Set down the data again exactly. Pictures are not part of the copy.

Text-to-region grounding data:
- Opening Delimiter -

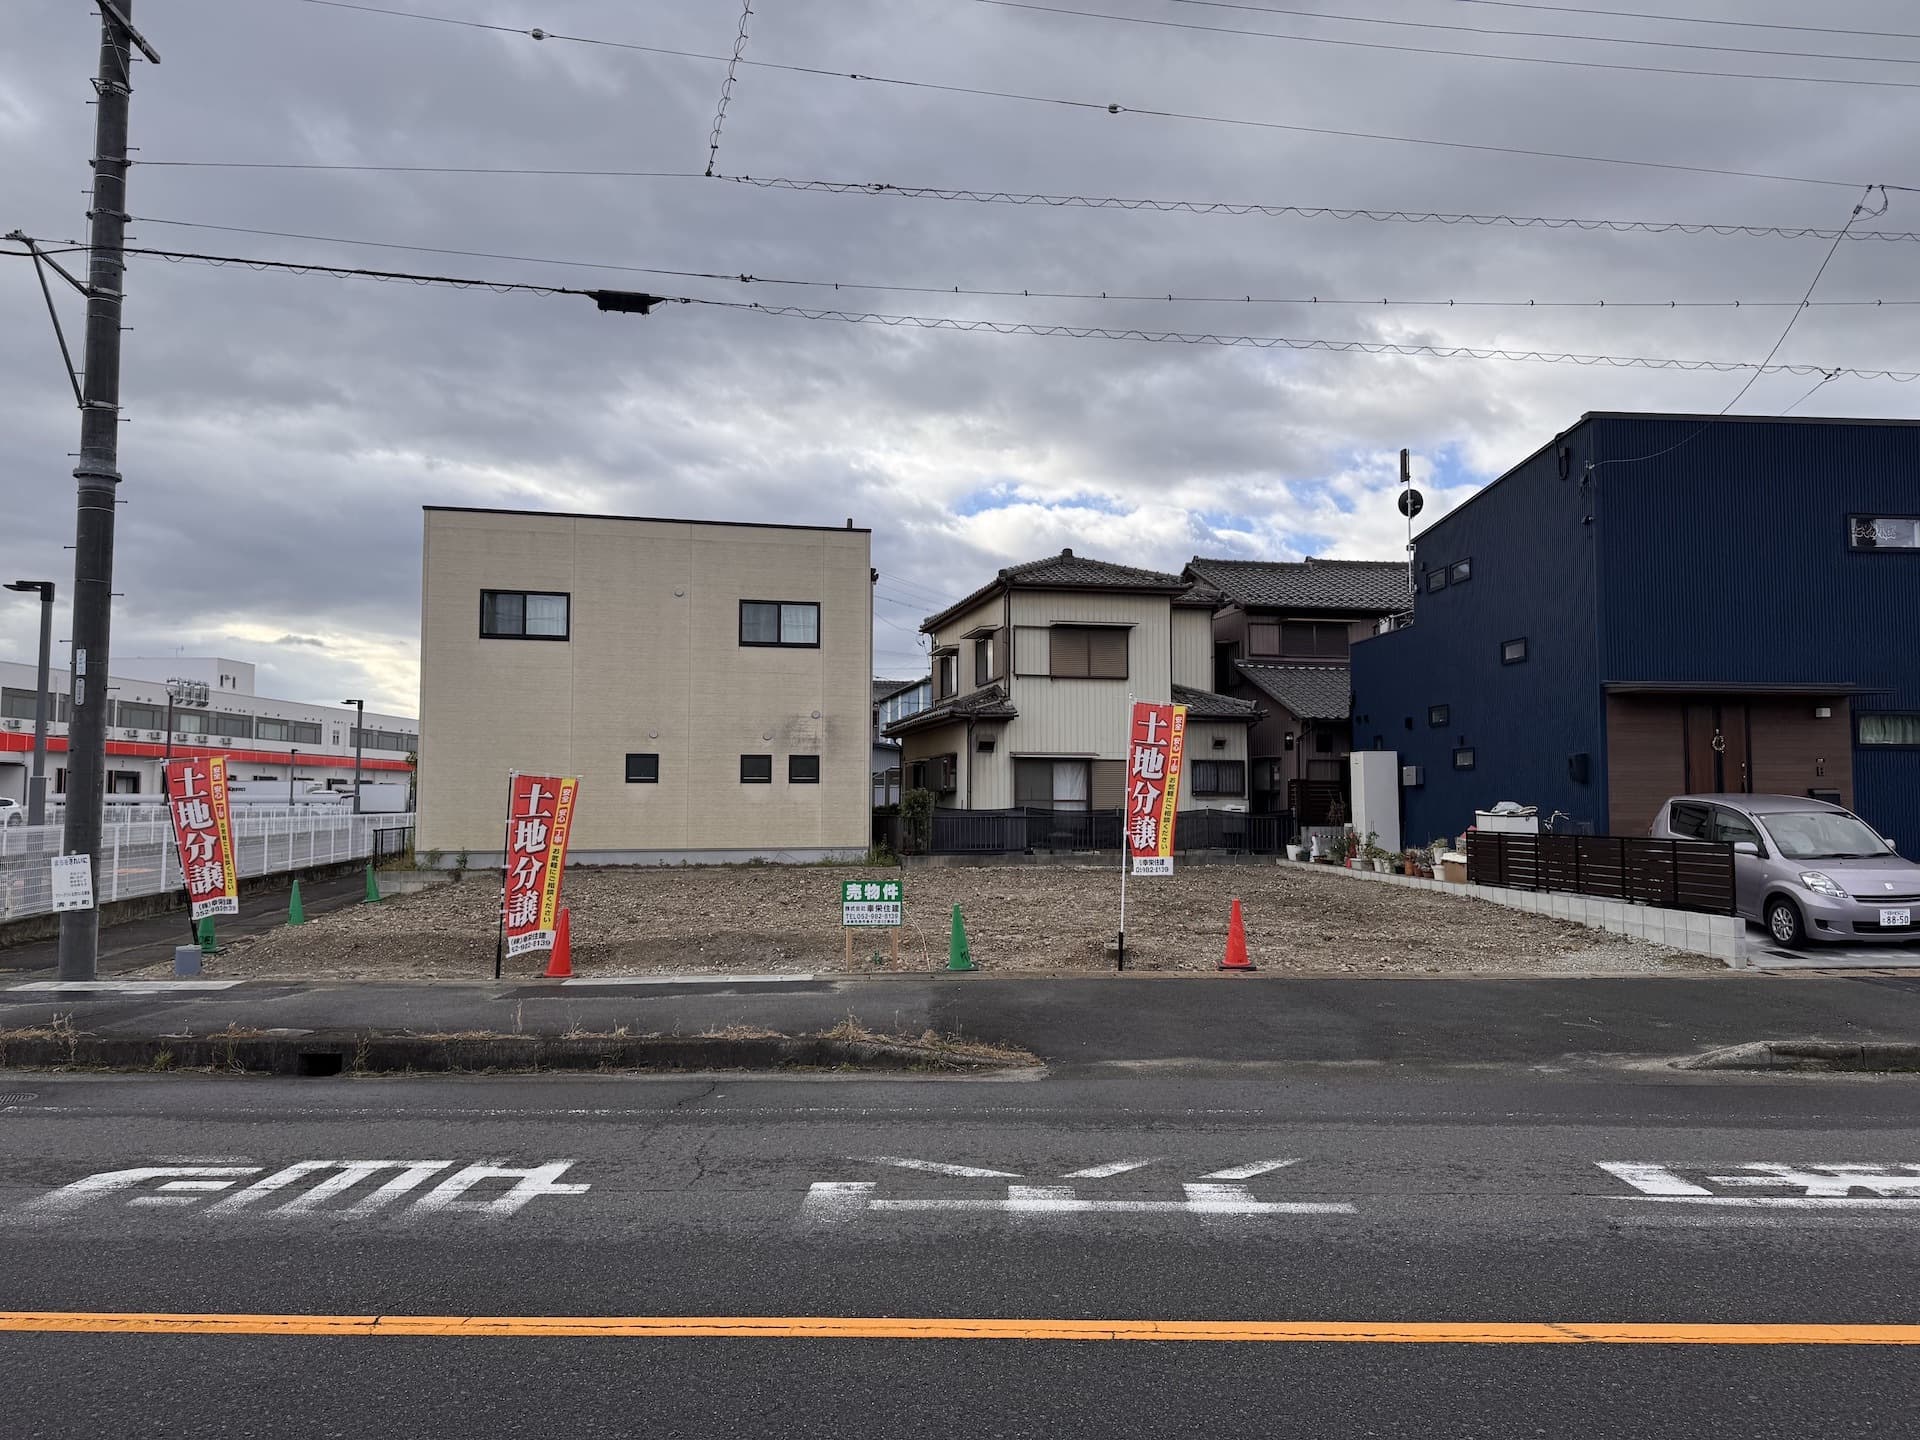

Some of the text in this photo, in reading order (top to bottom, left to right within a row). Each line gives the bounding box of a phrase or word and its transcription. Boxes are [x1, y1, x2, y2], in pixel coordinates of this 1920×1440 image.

[173, 767, 225, 895] 土地分譲
[1131, 711, 1169, 849] 土地分譲
[508, 783, 553, 928] 土地分譲
[846, 883, 899, 900] 売物件
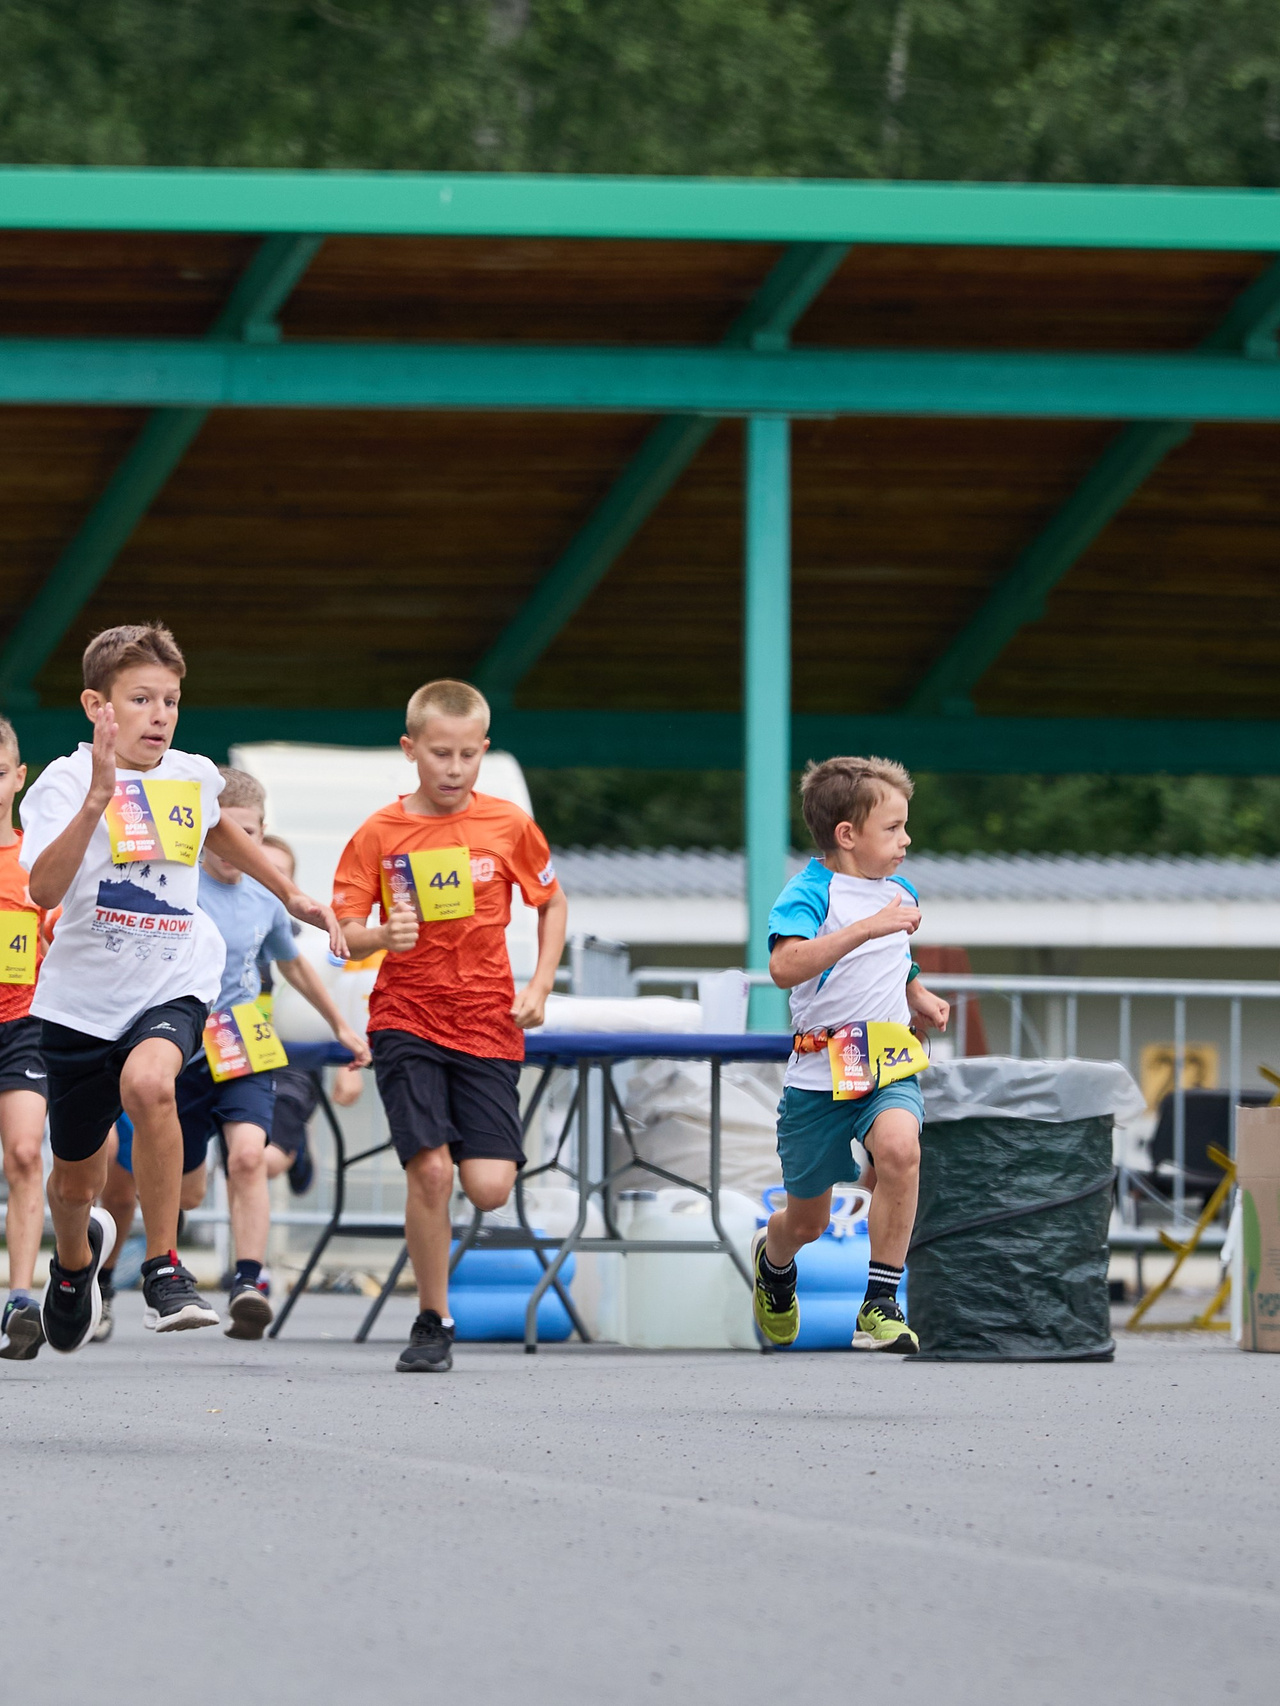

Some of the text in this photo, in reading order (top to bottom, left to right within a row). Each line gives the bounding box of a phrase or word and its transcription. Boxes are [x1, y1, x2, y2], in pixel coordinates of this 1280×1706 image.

[168, 805, 195, 829] 43
[429, 870, 461, 891] 44
[95, 908, 137, 927] TIME
[139, 917, 156, 930] IS
[158, 919, 194, 933] NOW!
[9, 934, 28, 953] 41
[253, 1022, 272, 1042] 33
[882, 1047, 914, 1067] 34
[838, 1080, 854, 1091] 28
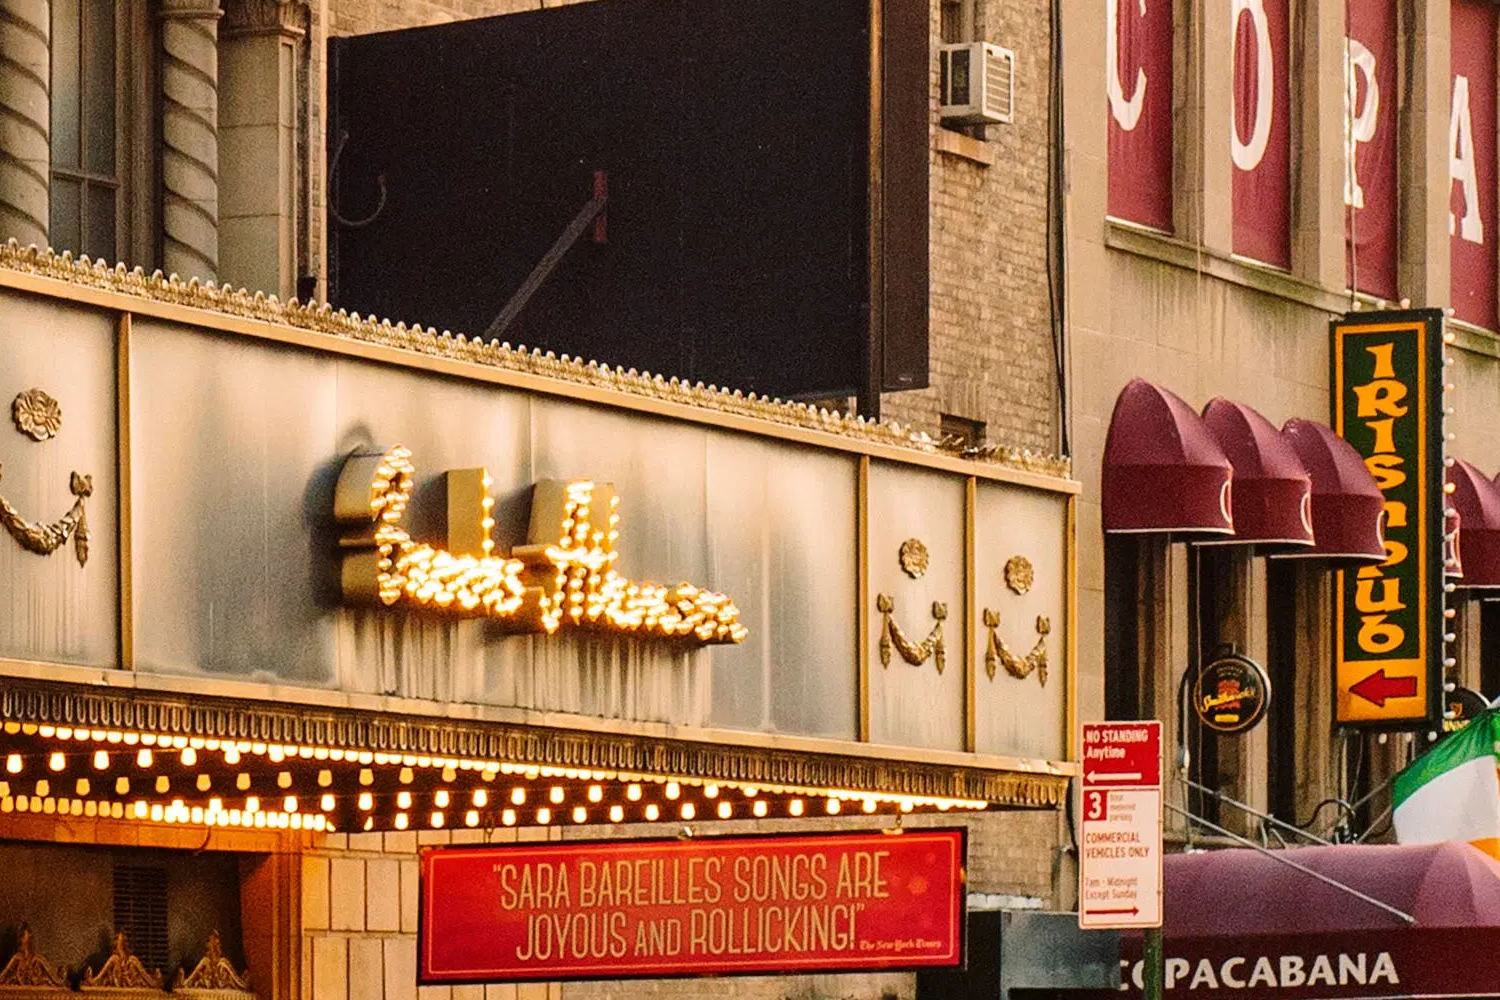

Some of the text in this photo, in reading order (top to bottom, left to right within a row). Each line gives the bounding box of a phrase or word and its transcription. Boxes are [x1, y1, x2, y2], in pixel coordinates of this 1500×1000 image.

- Closing Delimiter -

* _Task solution_
Some of the text in this photo, in reading order (top to bottom, left to right within a row). Each line gives the bounding box of a phrase or word and its transcription. Boxes are [x1, y1, x2, y2], in pixel coordinates of this 1920×1440 image.

[173, 767, 225, 895] 土地分譲
[1131, 711, 1169, 849] 土地分譲
[508, 783, 553, 928] 土地分譲
[846, 883, 899, 900] 売物件

Some of the text in this photo, in reading order (top to bottom, left to right within a row). Each line gives the bounding box of a phrase or word and its transcription. Boxes are [x1, y1, x2, y2], in pixel coordinates of this 1280×1706 image.

[168, 805, 195, 829] 43
[429, 870, 461, 891] 44
[95, 908, 137, 927] TIME
[139, 917, 156, 930] IS
[158, 919, 194, 933] NOW!
[9, 934, 28, 953] 41
[253, 1022, 272, 1042] 33
[882, 1047, 914, 1067] 34
[838, 1080, 854, 1091] 28

Some of the text in this photo, in reading order (top to bottom, left to right within a row). Each line gives the bounding box of a phrase or word and its transcription. Boxes are [x1, y1, x2, y2], in pixel coordinates of this 1500×1000 image.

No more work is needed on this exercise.